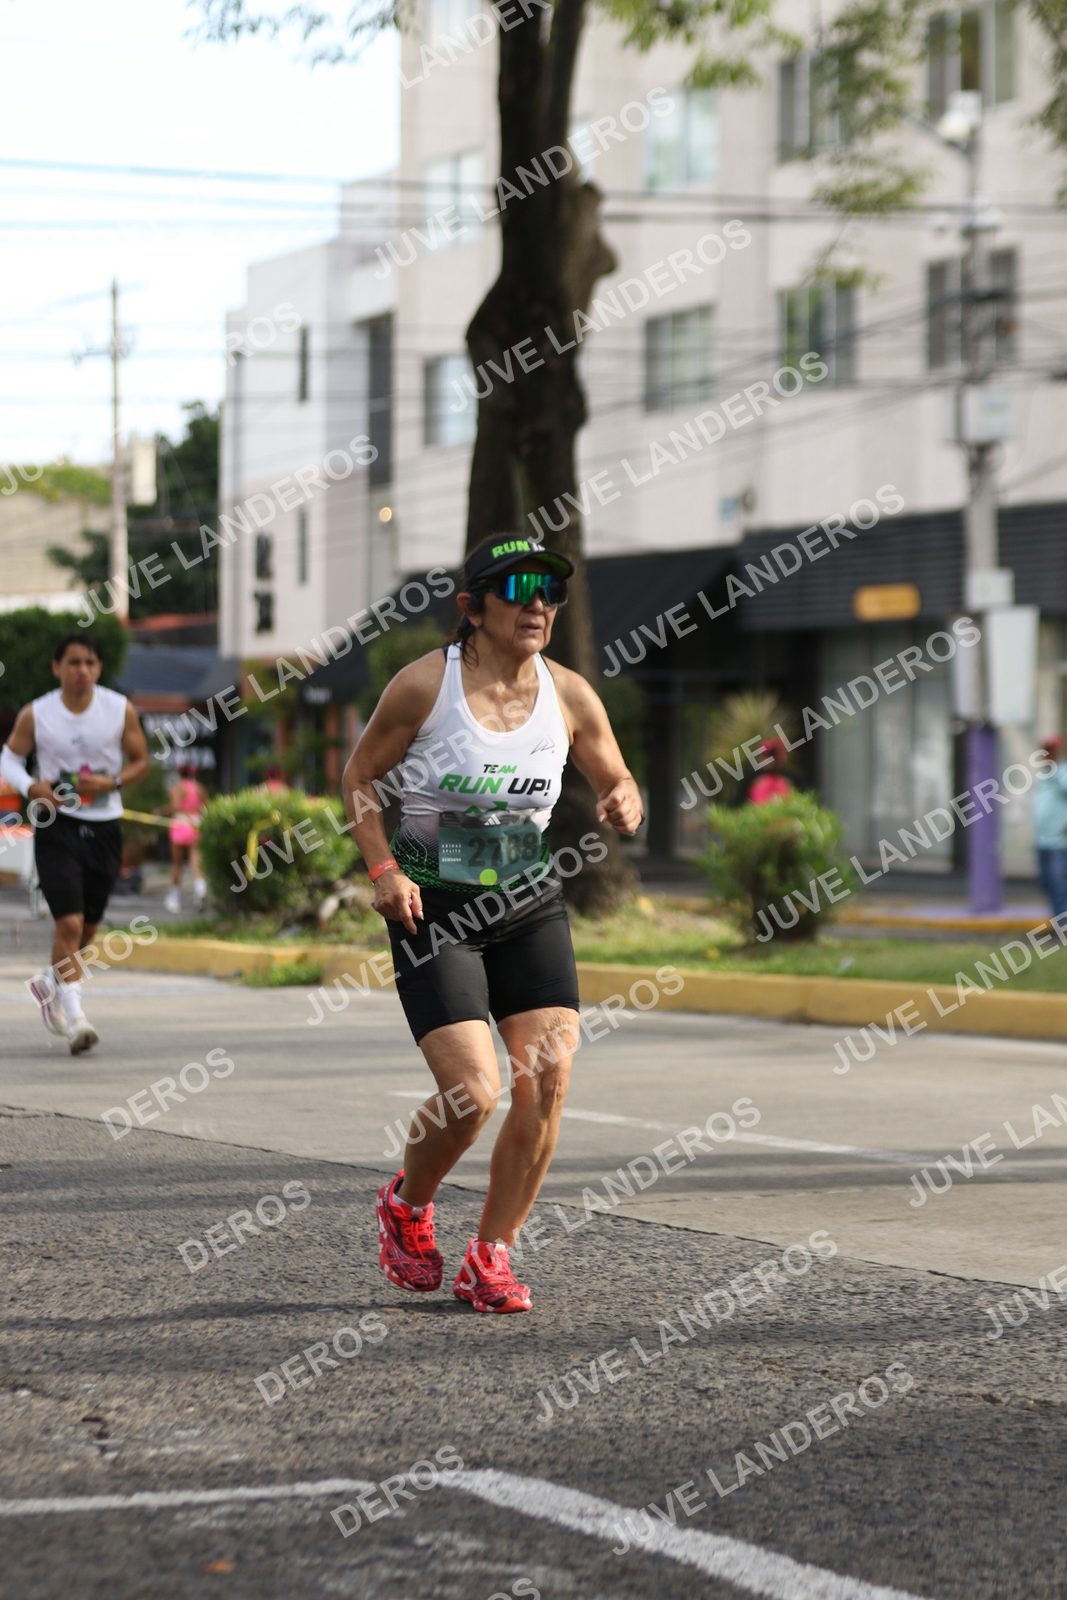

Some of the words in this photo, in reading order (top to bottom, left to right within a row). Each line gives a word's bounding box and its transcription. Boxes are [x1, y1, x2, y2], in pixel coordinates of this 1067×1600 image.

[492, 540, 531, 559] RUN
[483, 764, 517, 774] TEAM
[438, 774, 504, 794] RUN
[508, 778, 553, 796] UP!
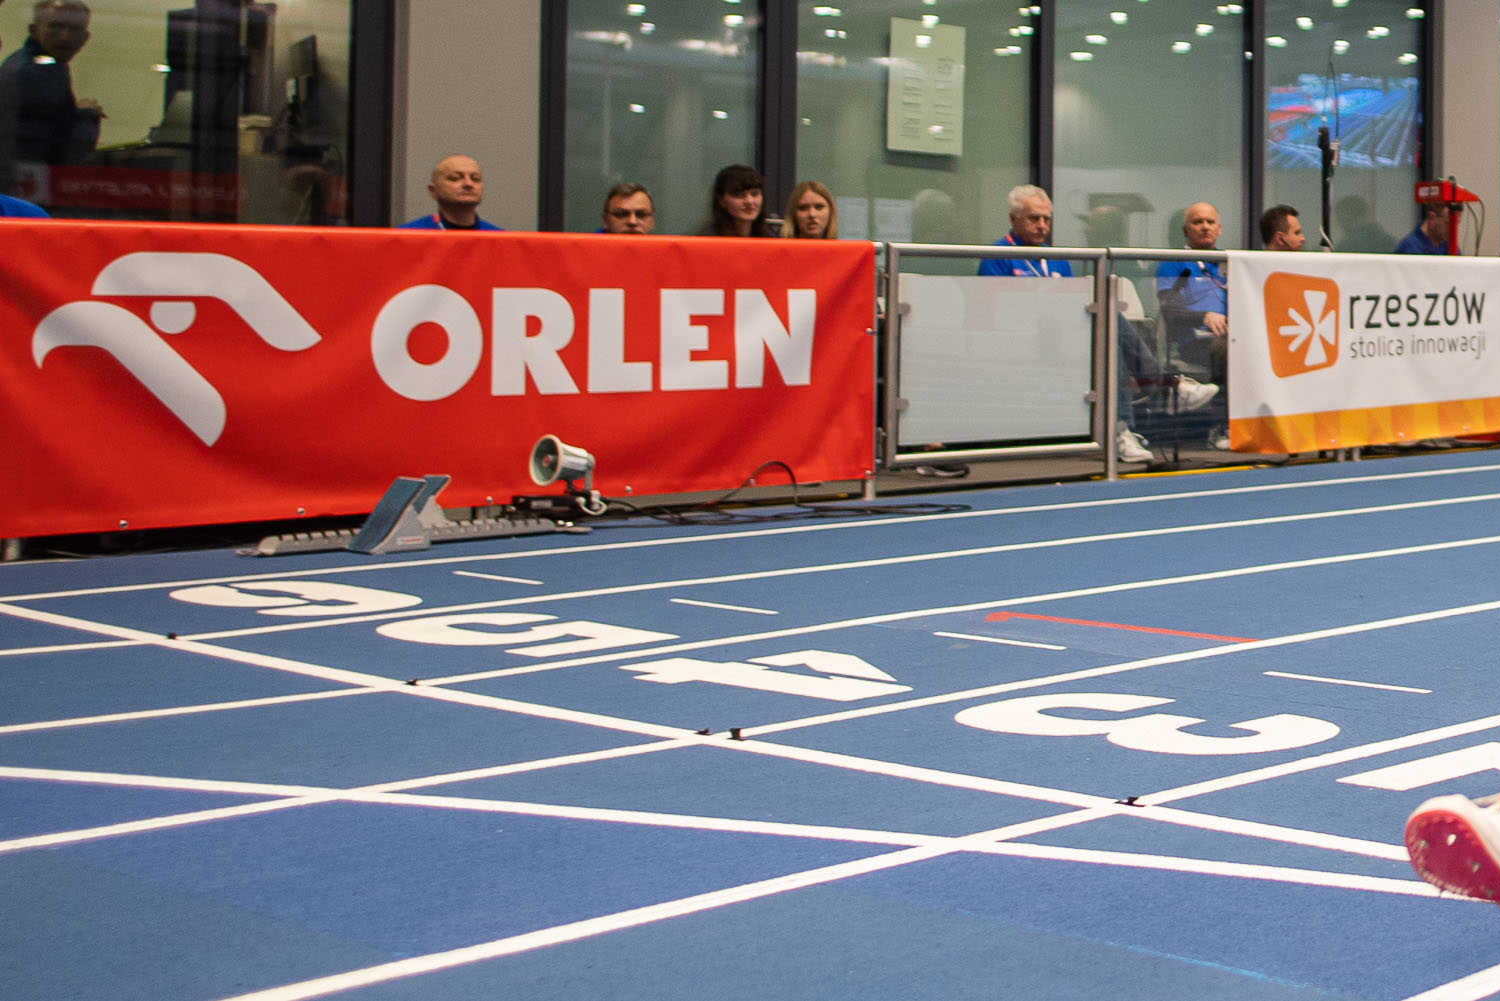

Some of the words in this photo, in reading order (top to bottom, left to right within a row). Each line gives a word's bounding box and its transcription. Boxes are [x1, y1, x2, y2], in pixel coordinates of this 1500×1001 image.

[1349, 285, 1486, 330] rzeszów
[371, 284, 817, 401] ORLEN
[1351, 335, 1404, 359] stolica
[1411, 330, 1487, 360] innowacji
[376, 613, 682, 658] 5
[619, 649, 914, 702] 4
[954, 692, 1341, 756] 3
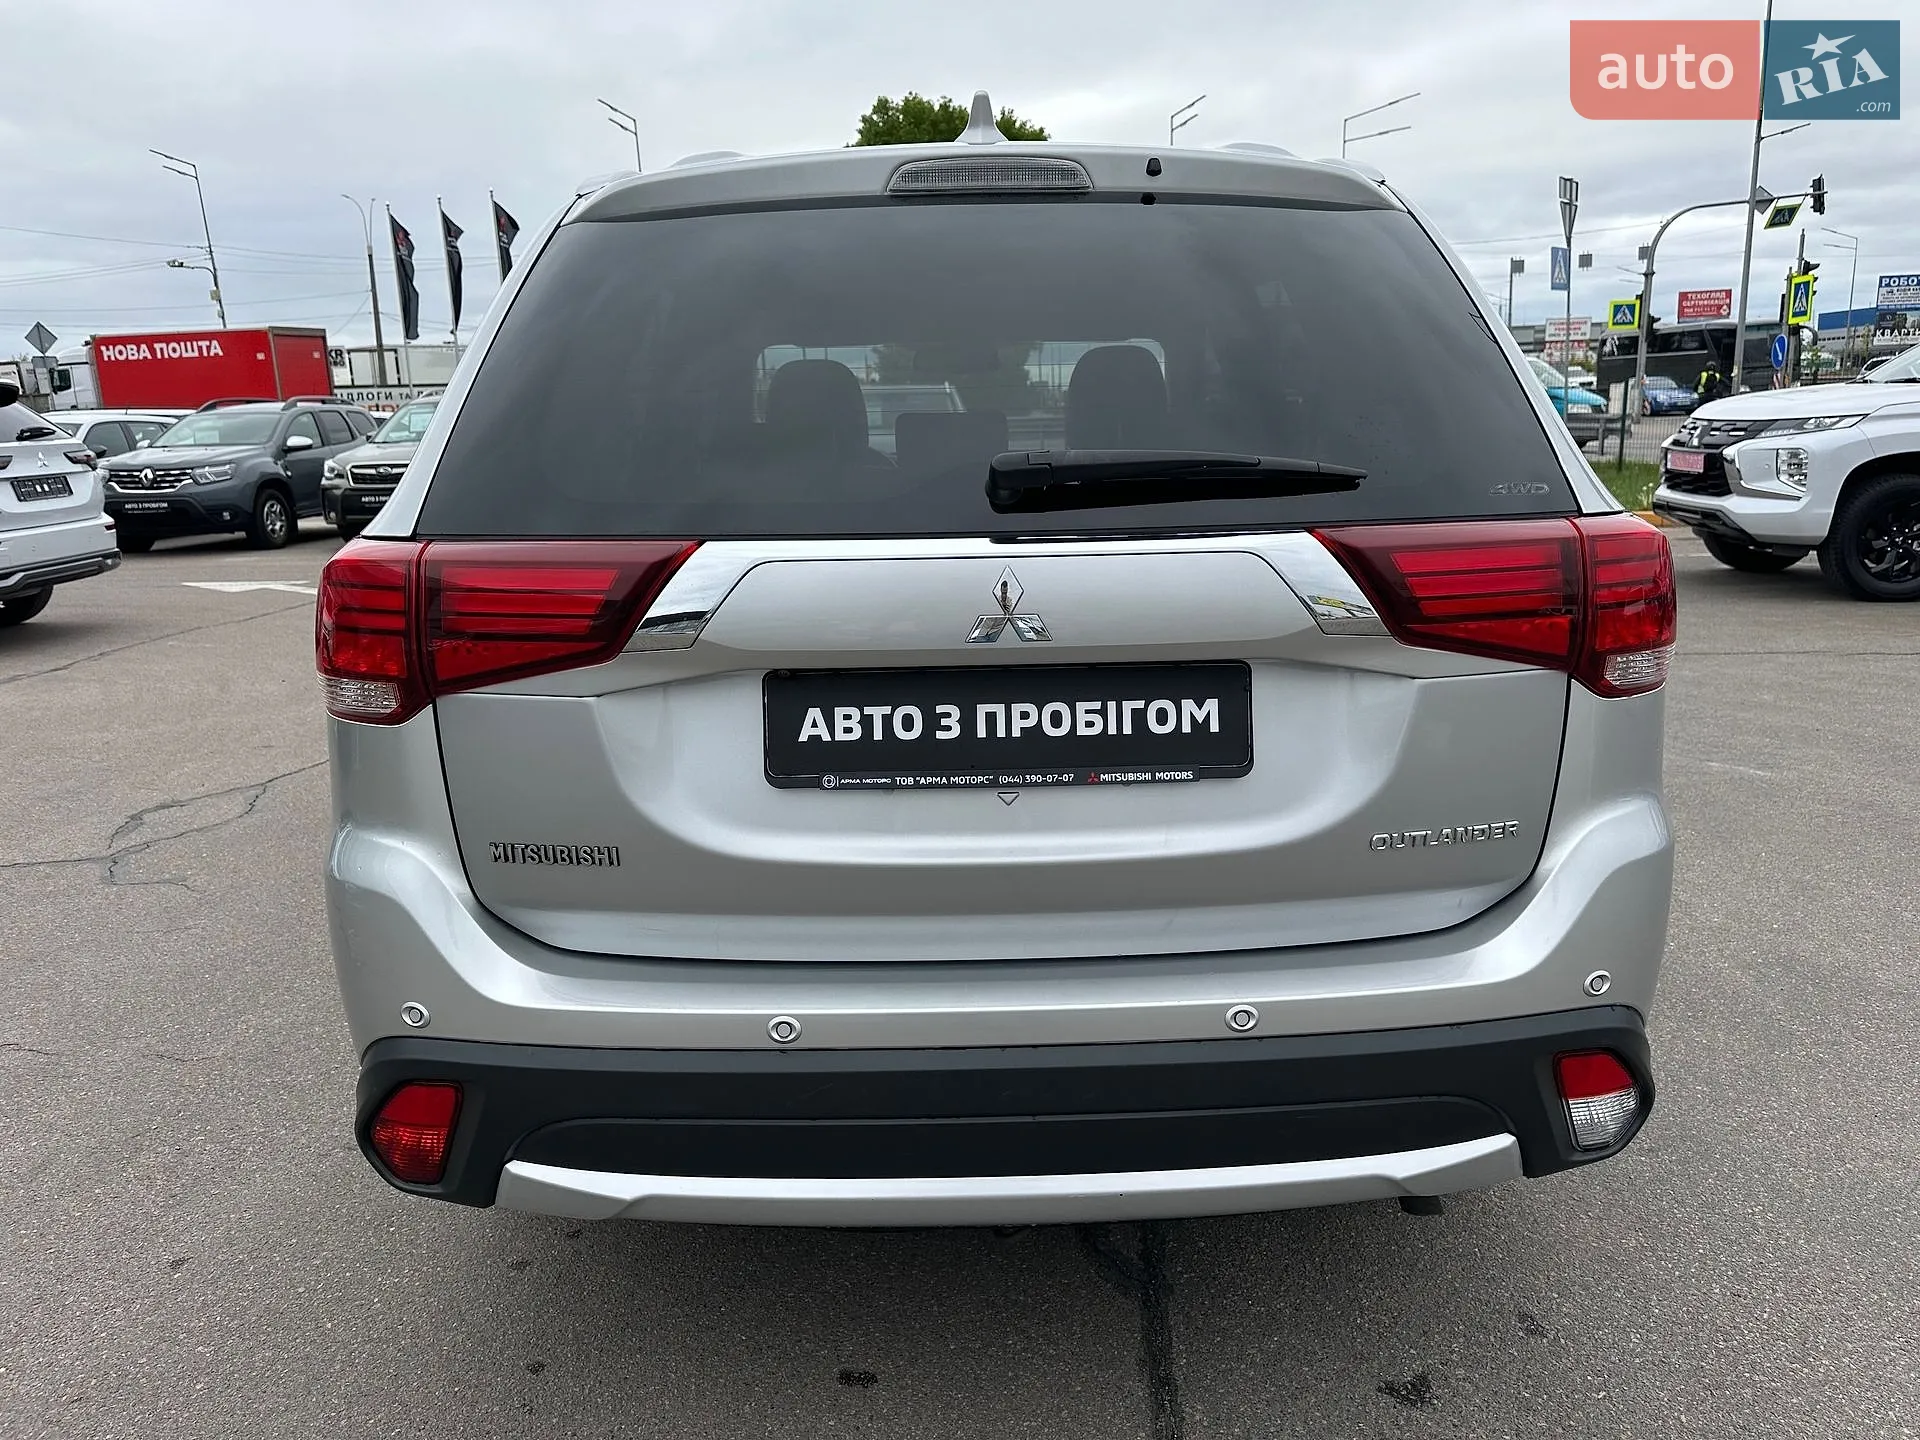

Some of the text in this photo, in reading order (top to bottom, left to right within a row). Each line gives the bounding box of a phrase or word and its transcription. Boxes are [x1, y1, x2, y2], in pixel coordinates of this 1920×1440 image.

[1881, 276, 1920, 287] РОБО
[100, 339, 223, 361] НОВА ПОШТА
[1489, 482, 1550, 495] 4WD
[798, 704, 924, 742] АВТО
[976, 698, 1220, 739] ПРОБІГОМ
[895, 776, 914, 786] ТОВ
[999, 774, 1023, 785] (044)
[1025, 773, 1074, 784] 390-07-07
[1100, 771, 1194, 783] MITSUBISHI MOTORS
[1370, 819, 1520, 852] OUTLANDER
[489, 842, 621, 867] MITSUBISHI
----------------
## [The task]
All of the data needs repeating exactly, but the pictures do not.

## [Expected output]
Some of the words in this photo, in reading order (top to bottom, left to right within a row). Each line gives a word's bounding box and its transcription. Boxes are [x1, y1, x2, y2], in pixel coordinates of this 1067×1600 image.

[492, 540, 531, 559] RUN
[483, 764, 517, 774] TEAM
[438, 774, 504, 794] RUN
[508, 778, 553, 796] UP!

Some of the words in this photo, in reading order (top to bottom, left to right within a row). Each line gives a word's bounding box and its transcription. Boxes are [x1, y1, x2, y2], in pixel coordinates of this 1500×1001 image.

[1349, 285, 1486, 330] rzeszów
[371, 284, 817, 401] ORLEN
[1351, 335, 1404, 359] stolica
[1411, 330, 1487, 360] innowacji
[376, 613, 682, 658] 5
[619, 649, 914, 702] 4
[954, 692, 1341, 756] 3

Some of the text in this photo, in reading order (top to bottom, left to right within a row). Each line gives the bounding box of a phrase or word and its transcription. Boxes are [x1, y1, x2, y2], in pixel coordinates of this 1920×1440 image.

[1881, 276, 1920, 287] РОБО
[100, 339, 223, 361] НОВА ПОШТА
[1489, 482, 1550, 495] 4WD
[798, 704, 924, 742] АВТО
[976, 698, 1220, 739] ПРОБІГОМ
[895, 776, 914, 786] ТОВ
[999, 774, 1023, 785] (044)
[1025, 773, 1074, 784] 390-07-07
[1100, 771, 1194, 783] MITSUBISHI MOTORS
[1370, 819, 1520, 852] OUTLANDER
[489, 842, 621, 867] MITSUBISHI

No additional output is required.